[Stored data entries]
▼▼▼
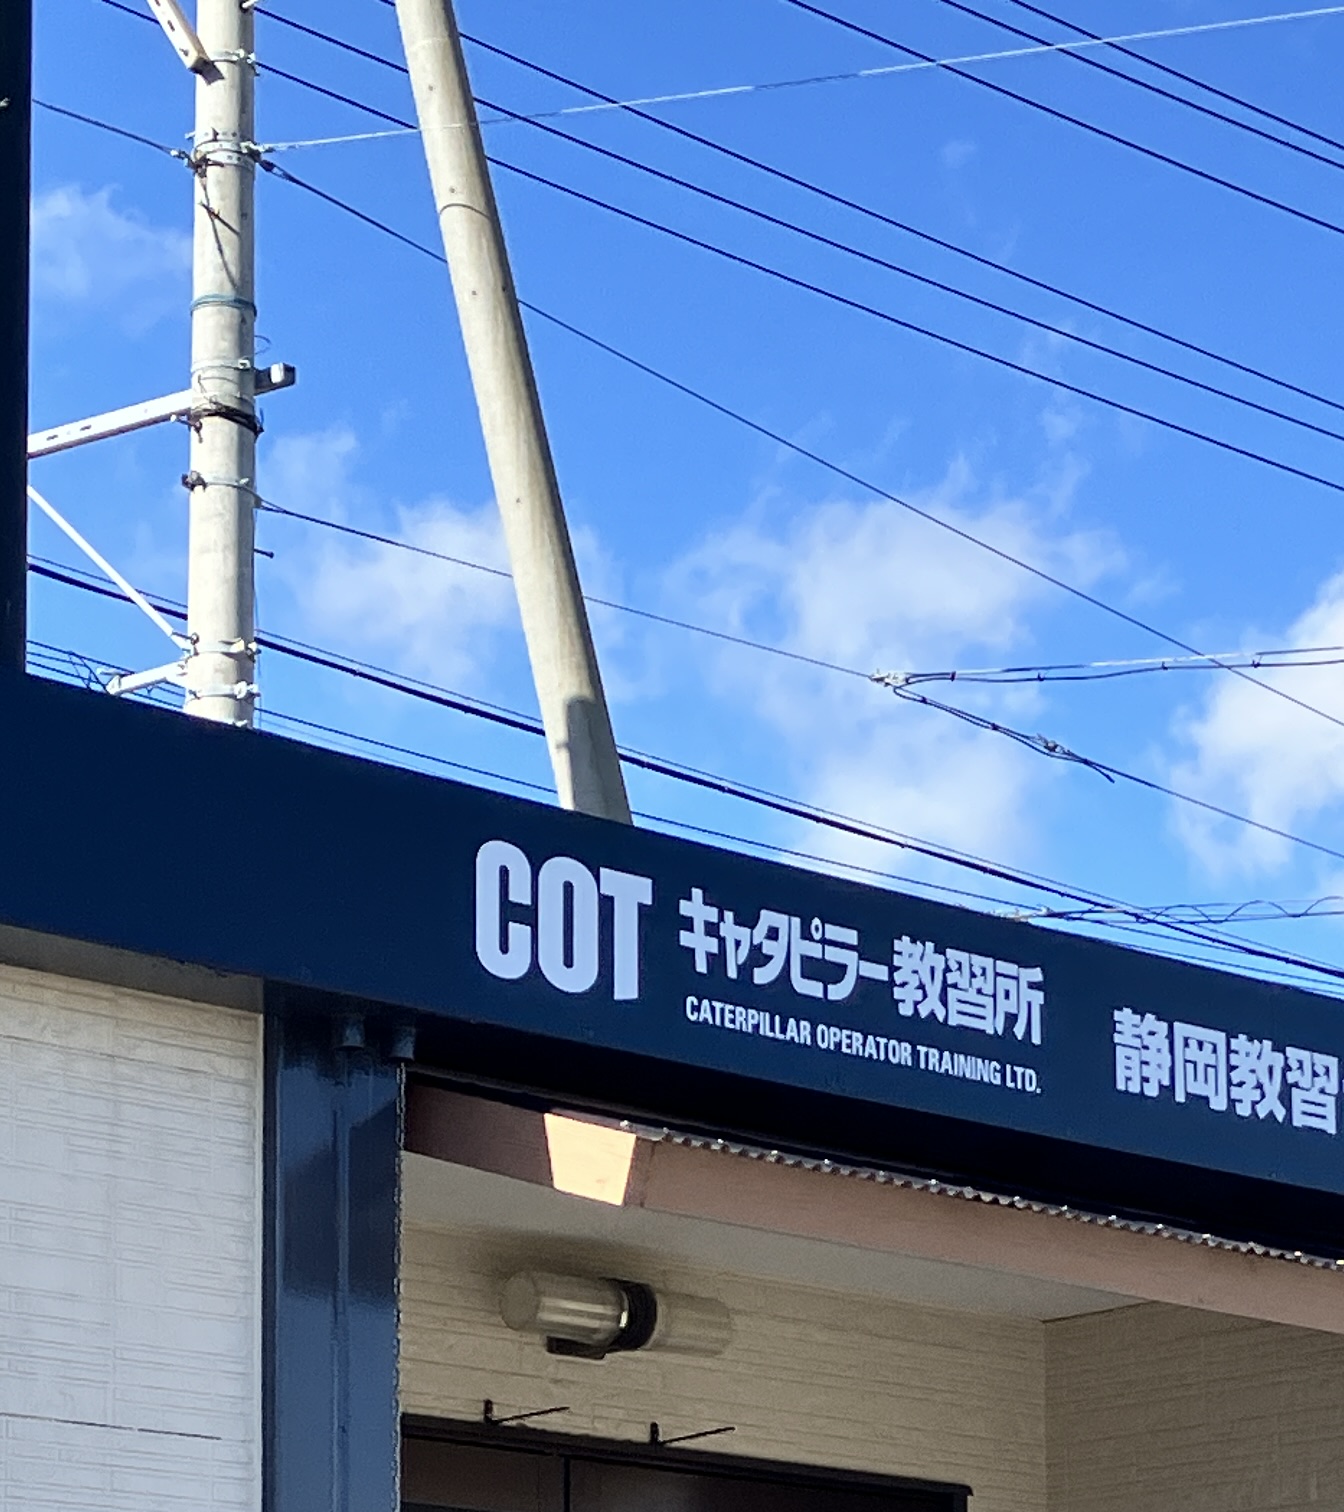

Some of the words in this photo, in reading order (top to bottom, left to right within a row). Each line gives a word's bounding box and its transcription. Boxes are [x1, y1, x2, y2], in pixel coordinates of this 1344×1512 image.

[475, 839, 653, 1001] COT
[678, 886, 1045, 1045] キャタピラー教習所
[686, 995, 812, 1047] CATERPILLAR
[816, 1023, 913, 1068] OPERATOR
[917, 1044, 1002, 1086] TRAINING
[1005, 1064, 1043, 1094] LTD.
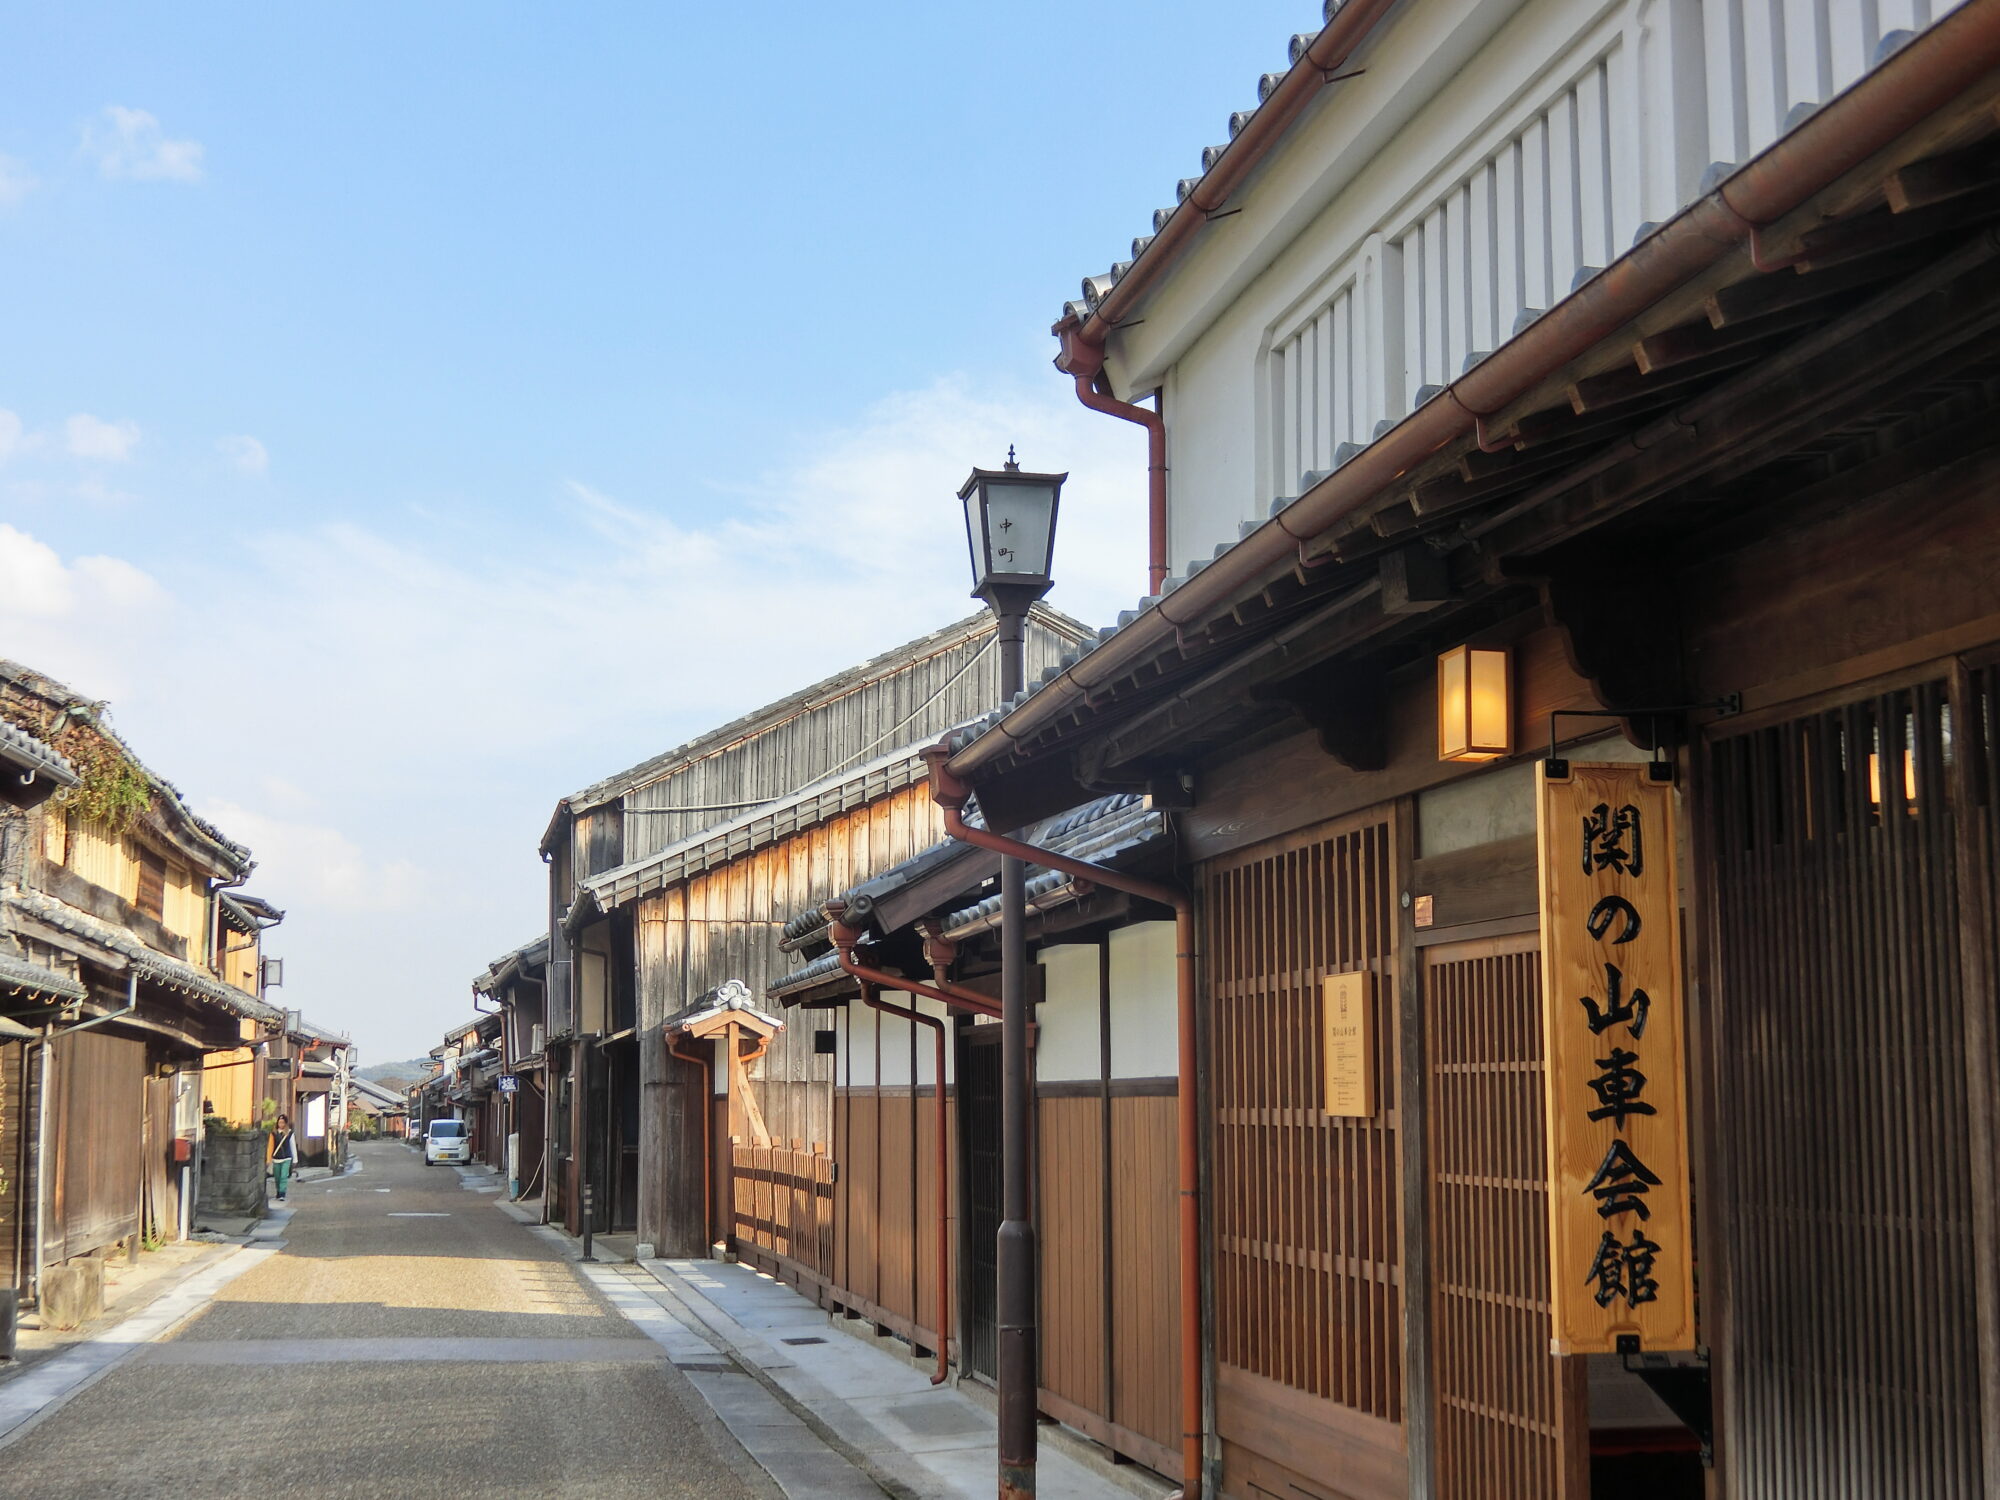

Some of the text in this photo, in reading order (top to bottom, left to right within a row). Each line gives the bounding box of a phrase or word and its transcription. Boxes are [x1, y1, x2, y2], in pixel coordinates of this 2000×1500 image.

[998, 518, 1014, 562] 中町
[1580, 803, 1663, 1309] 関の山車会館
▲▲▲
Without any pictures, return the entries exactly as given.

Some of the words in this photo, in reading order (top to bottom, left to right within a row). Each line gives a word's bounding box and its transcription. Boxes are [x1, y1, x2, y2], in pixel coordinates of this 1344×1512 image.

[475, 839, 653, 1001] COT
[678, 886, 1045, 1045] キャタピラー教習所
[686, 995, 812, 1047] CATERPILLAR
[816, 1023, 913, 1068] OPERATOR
[917, 1044, 1002, 1086] TRAINING
[1005, 1064, 1043, 1094] LTD.

Some of the text in this photo, in reading order (top to bottom, left to right within a row). Each line gives the bounding box of a phrase or word and its transcription. Boxes are [x1, y1, x2, y2], in pixel coordinates of this 2000×1500 image.

[998, 518, 1014, 562] 中町
[1580, 803, 1663, 1309] 関の山車会館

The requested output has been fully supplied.